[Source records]
+ + + +

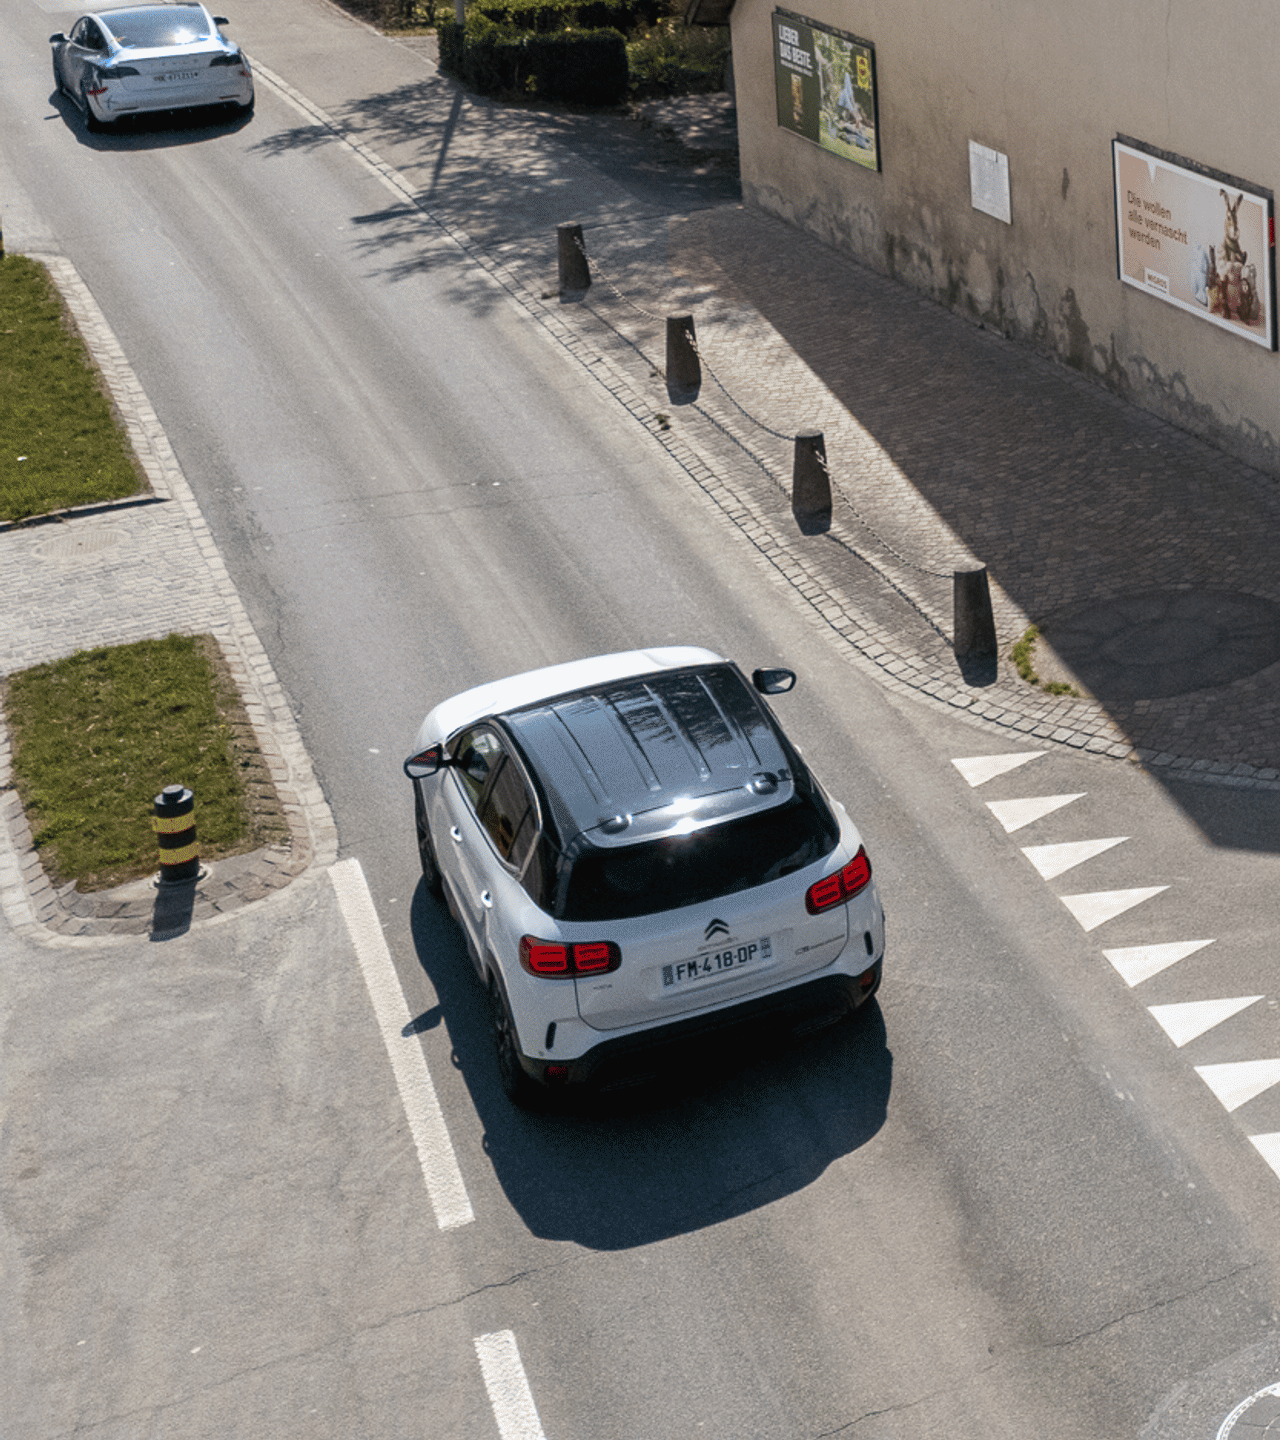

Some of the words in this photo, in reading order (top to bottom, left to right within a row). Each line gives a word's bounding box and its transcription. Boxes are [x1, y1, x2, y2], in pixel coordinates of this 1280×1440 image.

[779, 24, 800, 46] LIEBER
[780, 42, 791, 60] DAS
[1127, 189, 1141, 207] Die
[1143, 200, 1172, 221] wollen
[1127, 209, 1143, 226] alle
[1144, 217, 1188, 245] vernascht
[1128, 226, 1160, 250] werden
[675, 943, 758, 981] FM-418-DP

+ + + +

ACTION ITEM: Word for word, write out each of the records, but not the pictures.

SOLVED EXERCISE:
Some of the words in this photo, in reading order (top to bottom, left to right within a row). Each line gives a word's bounding box and its transcription. Boxes are [x1, y1, x2, y2], in pixel coordinates of this 1280×1440 image.

[779, 24, 800, 46] LIEBER
[780, 42, 791, 60] DAS
[1127, 189, 1141, 207] Die
[1143, 200, 1172, 221] wollen
[1127, 209, 1143, 226] alle
[1144, 217, 1188, 245] vernascht
[1128, 226, 1160, 250] werden
[675, 943, 758, 981] FM-418-DP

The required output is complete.